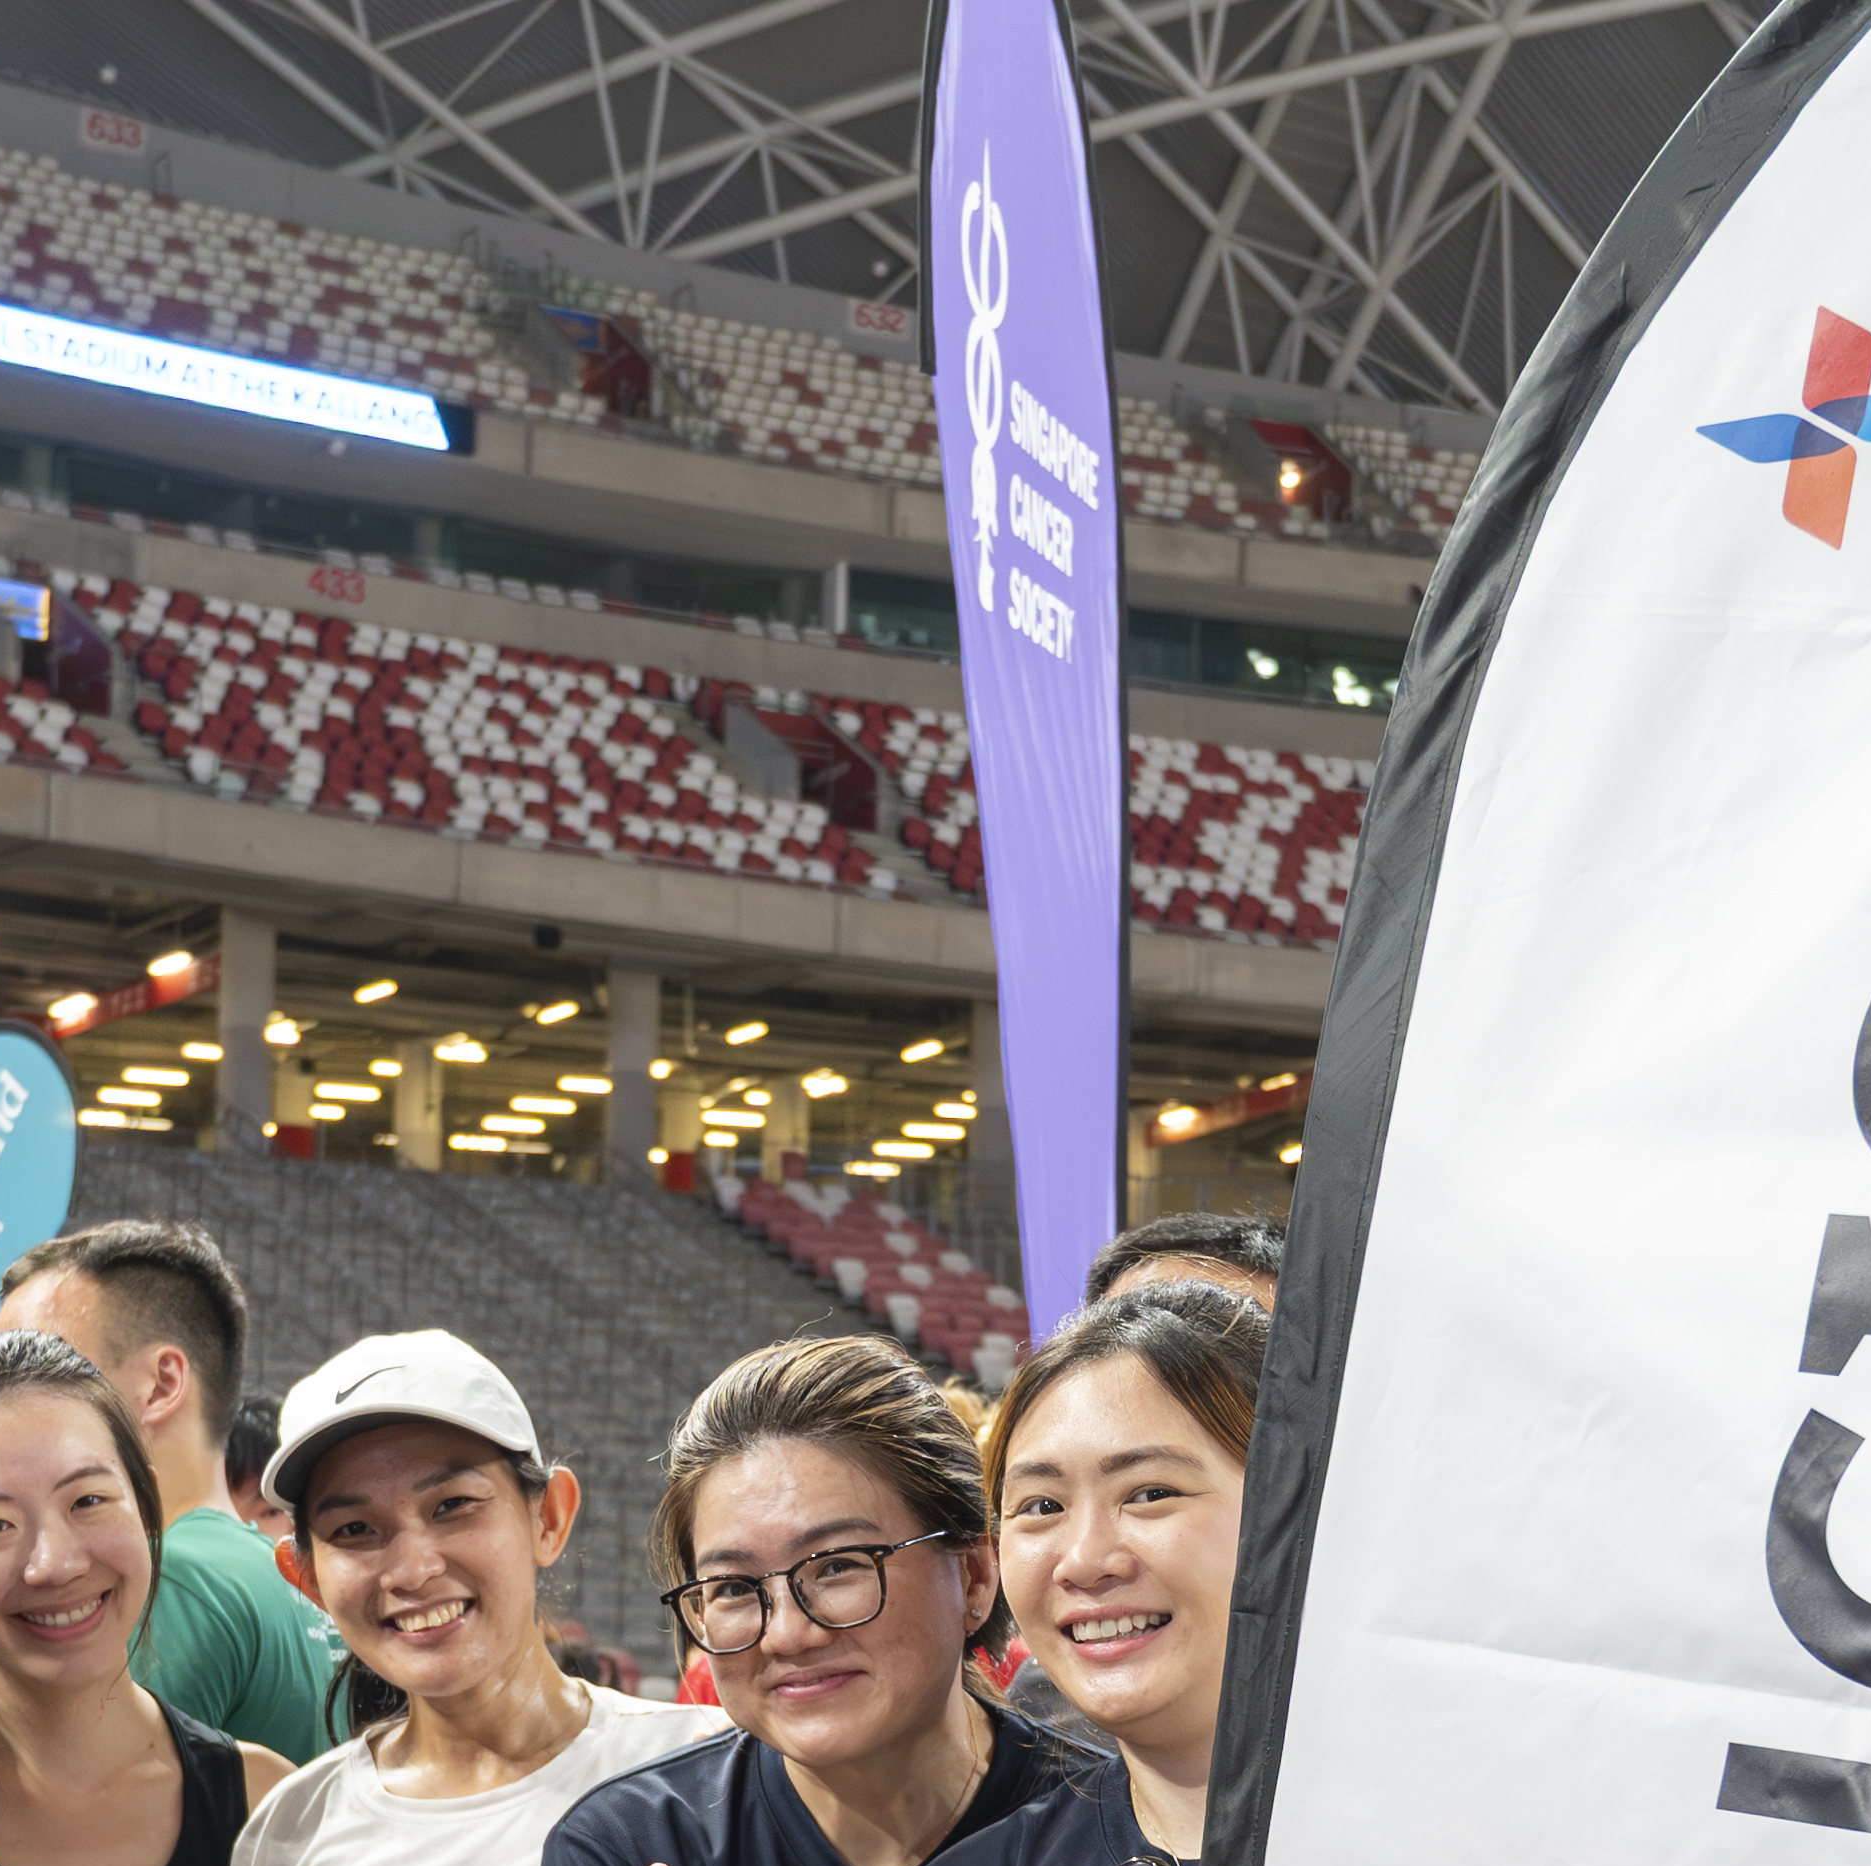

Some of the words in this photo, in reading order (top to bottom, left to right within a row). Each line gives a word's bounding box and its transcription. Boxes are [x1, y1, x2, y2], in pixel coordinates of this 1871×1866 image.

[22, 325, 170, 388] STADIUM
[180, 362, 217, 394] AT
[229, 370, 278, 406] THE
[293, 384, 436, 437] KALLANG
[1009, 380, 1100, 511] SINGAPORE
[1009, 474, 1074, 577] CANCER
[1008, 567, 1075, 665] SOCIETY
○ ○ ○
Leave the pictures out and output the rest of the listing exactly.

Some of the words in this photo, in reading order (top to bottom, left to right within a row). Each line gives a word's bounding box and its transcription. Boxes are [x1, y1, x2, y2], in pixel coordinates of this 1871×1866 image.

[22, 325, 170, 388] STADIUM
[180, 362, 217, 394] AT
[229, 370, 278, 406] THE
[293, 384, 436, 437] KALLANG
[1009, 380, 1100, 511] SINGAPORE
[1009, 474, 1074, 577] CANCER
[1008, 567, 1075, 665] SOCIETY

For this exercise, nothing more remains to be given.